Antofagasta Down 5.7% in London After Sudden Shift This Week

Antofagasta Down 5.7% in London After Sudden Shift This Week

June 6, 2026

London, June 6, 2026, 18:03 (BST)

  • Antofagasta shares slid 5.70% on Friday. The miner lagged the FTSE 100, which was flat to slightly higher.
  • Copper fell hard, putting pressure on a trade that had gained on supply concerns and tariff talk.
  • Copper prices, moves from London-listed miners, and U.S. tariff signals drive the week ahead.

Antofagasta plc shares dropped 5.70% to £39.70 on Friday, underperforming as the FTSE 100 ended up 0.07%. One of London’s main copper stocks, Antofagasta struggled after another stretch of choppy trading for miners. The London market was shut on Saturday, leaving Friday’s big fall to set things up for Monday instead.

Antofagasta shares jumped 6.47% on Tuesday to £44.08, but then pulled back Wednesday and kept dropping into the weekend. The stock finished Friday 11.28% under its 52-week high of £44.75 from Feb. 25.

Copper is in focus. Antofagasta, which mines copper mainly in Chile, often sees its shares trade with moves in the copper price. This happens more when supply risk is in play, and less on earnings. Copper lost 3.97% on June 5, down to $6.25 a pound, but it’s still up nearly 30% from a year ago, Trading Economics says. The price tracked is a contract for difference, a derivative price that reflects the benchmark, not spot copper.

London stocks didn’t move much. The FTSE 100 added 0.07% on Friday, with investors a bit relieved that inflation risk from the Middle East war might not be as bad as expected. But both the FTSE 100 and FTSE 250 still finished down for the week, Reuters said.

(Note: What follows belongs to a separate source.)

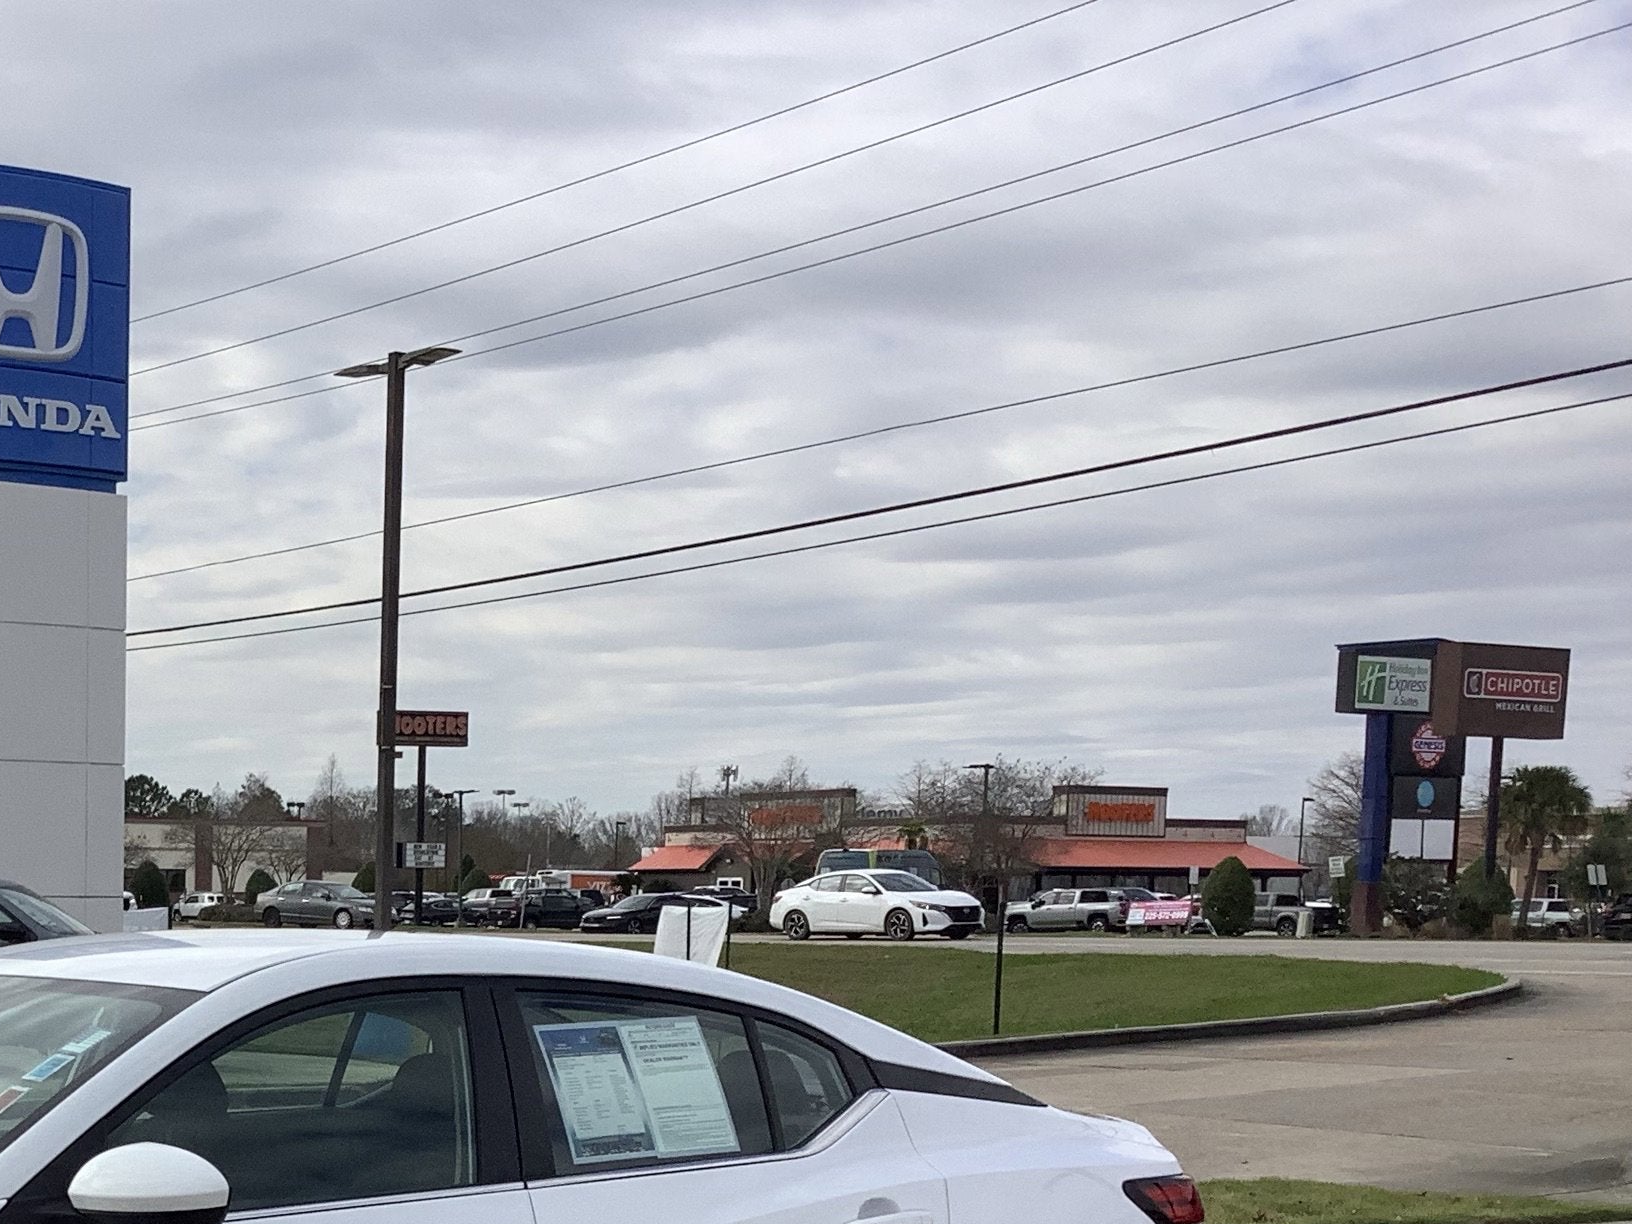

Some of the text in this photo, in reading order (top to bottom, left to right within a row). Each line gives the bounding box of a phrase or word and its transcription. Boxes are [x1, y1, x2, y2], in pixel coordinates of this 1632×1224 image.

[1388, 675, 1427, 695] Express
[1487, 676, 1558, 695] CHIPOTLE
[1495, 702, 1555, 713] MEXICAN GRILL

It wasn’t only Antofagasta in the red. Anglo American, also a major miner in London with copper in the mix, lost 5.16% Friday. Rio Tinto was down 3.10%. Investors cut prices across mining stocks, not just in response to another Antofagasta update.

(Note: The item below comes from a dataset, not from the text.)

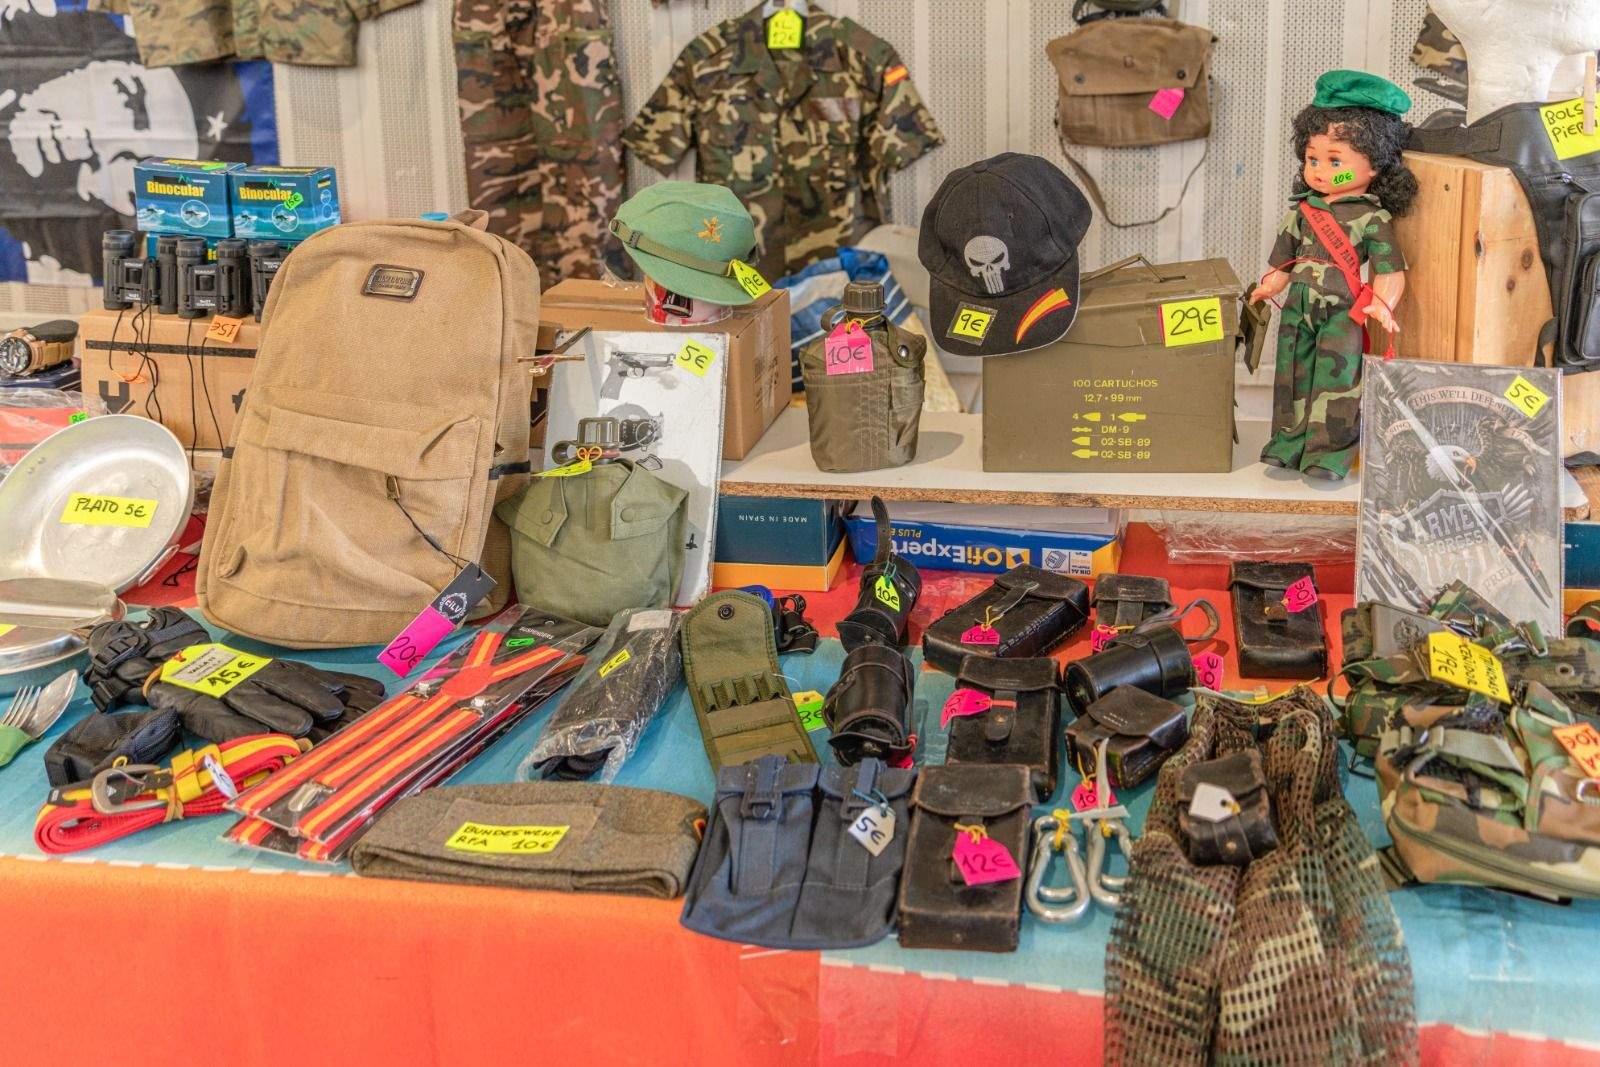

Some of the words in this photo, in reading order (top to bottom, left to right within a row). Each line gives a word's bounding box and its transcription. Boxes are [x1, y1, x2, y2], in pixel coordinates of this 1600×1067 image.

Antofagasta’s update in April put something on the table for both bulls and bears. First-quarter copper production came in at 143,000 tonnes, down 8%, while net cash costs fell 30% to $1.08 per pound. The company left its full-year copper target unchanged at 650,000 to 700,000 tonnes. Capital spending guidance is still at $3.4 billion.

Antofagasta CEO Iván Arriagada said at the time the company was looking for higher production “quarter-on-quarter” as better processing rates and higher grades come through at Los Pelambres. He described the copper price outlook for 2026 as “constructive.” Investors may challenge that view if copper falls again next week. Antofagasta

Antofagasta’s outlook is still about growth. The company posted a record $5.2 billion in EBITDA in 2025, as strong copper prices boosted results, according to numbers released in February. CEO Arriagada told analysts then that the Centinela second concentrator was roughly 70% complete. Construction is scheduled to wrap up in 2027, with full output in 2029.

Antofagasta hasn’t been cast as just a copper-price play by analysts. Russ Mould at AJ Bell said copper’s spread across cars, pipes, wiring, and machinery earns it the “Doctor Copper” label, but also pointed out Antofagasta shares have already more than doubled in the past year and now don’t trade cheap versus global rivals. AJ Bell

Friday’s drop could turn into more than just a quick correction. Copper traders are eyeing whether U.S. President Donald Trump will put new import tariffs on refined copper. Reuters metals columnist Andy Home said CME copper has held a growing premium over LME copper ahead of a decision expected at the end of June. If talk of tariffs cools, or if energy and input prices stay up, Antofagasta’s outlook may get another look.

Next week, traders face a sharper decision: was Friday just a breather in copper, or the beginning of a pullback for miners after a quick run-up. Antofagasta won’t post another production update until later, so market cues will probably show up first in copper trading, FTSE 100 mining shares and any new U.S. tariff news.